In my time there I have had the honor and privilege to teach alongside some of the most supportive colleagues a professor could ask for. My students have renewed my sense of purpose in practicing the craft of teaching which I started to learn about so long ago.
We have come to inspire each other with mutual respect and appreciation. And we have learned Spanish and had a good time doing it.
Last year I lost my mother to breast cancer and I had to cancel three classes. The day of the Written Assignment not a single student handed in his or her paper without offering condolences. I was deeply touched but in no way could I anticipate what they would say when I returned after the funeral.
When I returned it was time for my Intermediate II class to take a chapter exam.
Suddenly I found myself presented with a bouquet of flowers, a box of chocolates and a sympathy card. I was speechless.
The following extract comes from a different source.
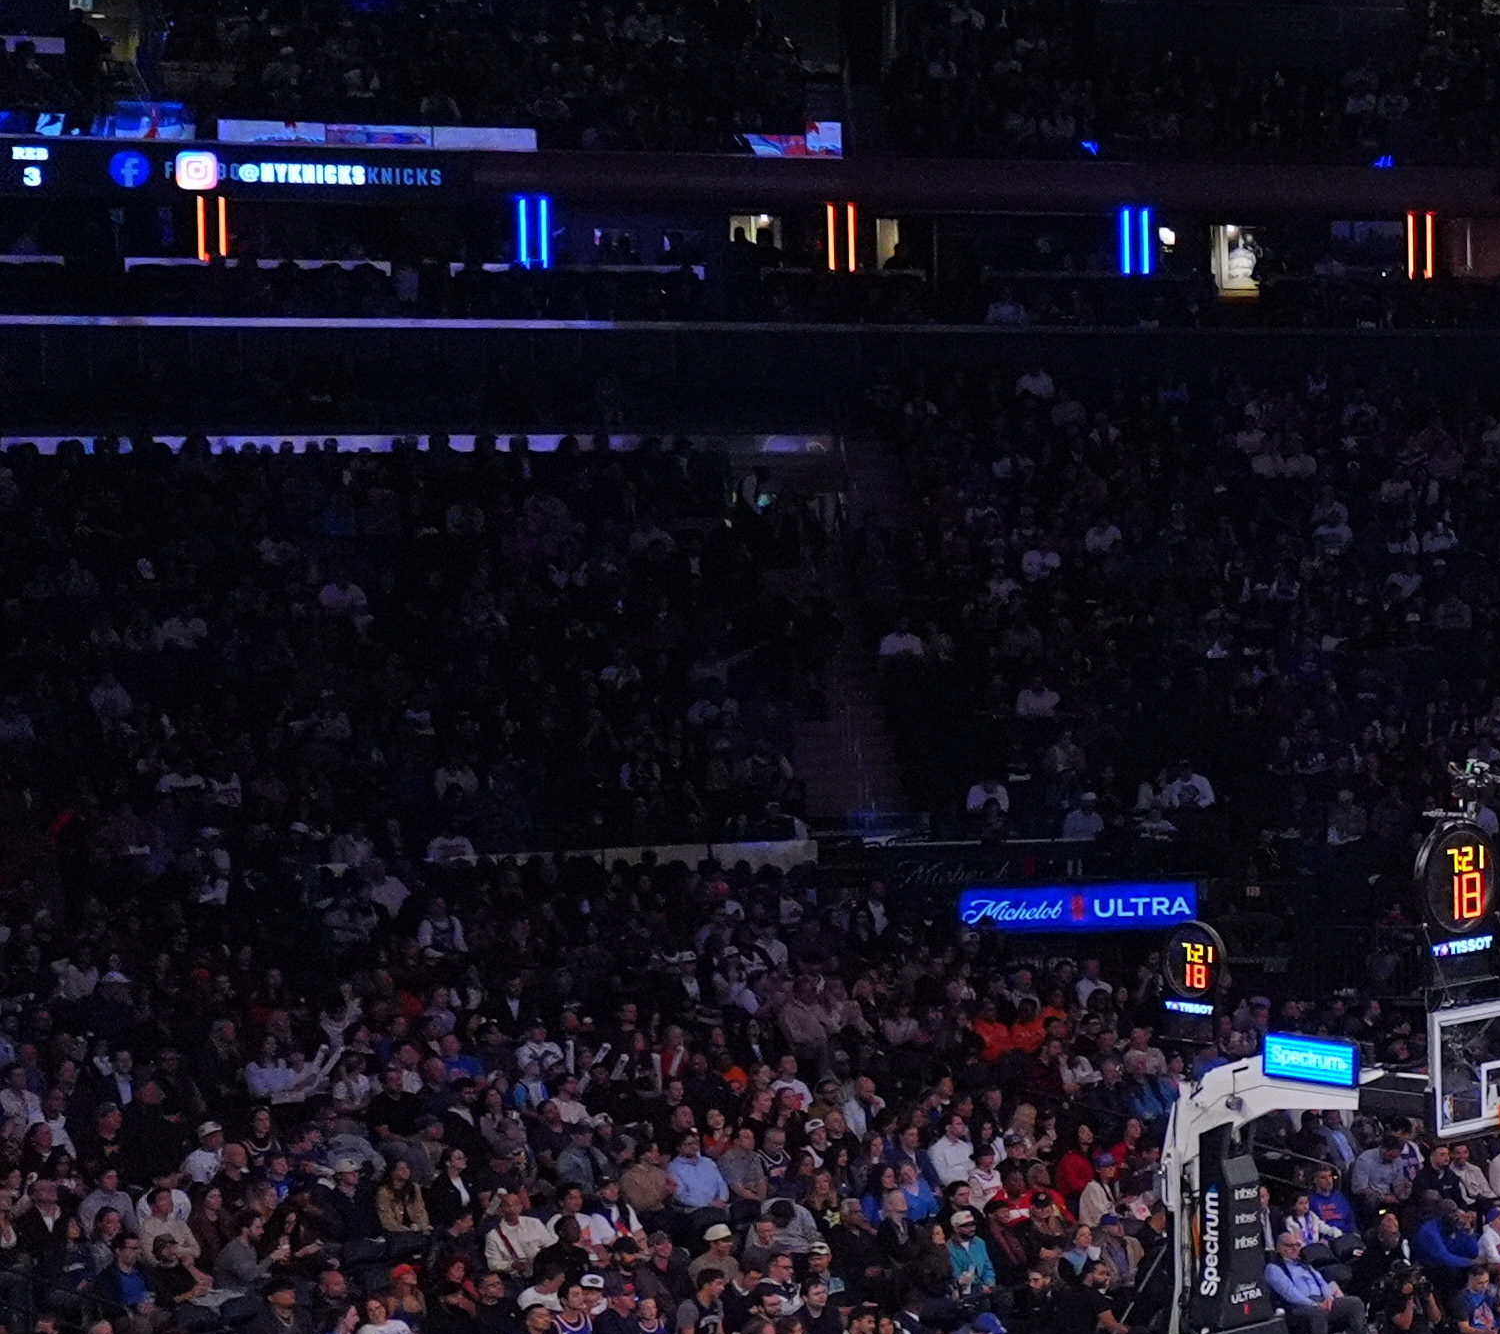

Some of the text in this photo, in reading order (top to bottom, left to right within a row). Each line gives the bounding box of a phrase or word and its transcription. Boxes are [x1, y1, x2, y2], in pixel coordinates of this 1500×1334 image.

One student said, “Dr. Shuggi, this is from all of us. We want to say thank you and we want you to know that we appreciate you. We think you’re awesome and we’ve noticed a huge improvement in our Spanish since last semester.” All I could say was thank you and try not to tear up.
Most teachers wait the span of their career to connect both personally and intellectually with their students on such a level. I wondered what I had done to deserve such accolades and my uncle pointed out that I had probably just conducted my class with respect.
The chocolates quickly disappeared but I still have the dried flowers and the card. Whenever I feel stuck I look at them and feel professionally renewed.
Last semester I had a student who, in a single conversation, took everything I had read about race relations and threw it out the window by taking what the books made abstract and making it personal.
She told me how much money she made as a hairdresser but that it was her dream to become an English teacher. Oblivious, I asked her why.
She replied, “Dr. Shuggi, Baltimore is my city. I want to give back to it. You might not understand because it’s not your brother or your cousin getting shot on the street corner.”
But Baltimore is my city too. It has hosted me since I started college in 1999, except for two years since then. In one brief conversation my student had made clear my place in what has come to be my hometown and simultaneously focused my goals as an educator.
Teaching is a service to our community. It is, as one of my professors once said, “a noble profession” and its nobility lies in the possibility of touching lives with our love of the subject.
And those lives reach back and open our eyes with appreciation and perspective in turn.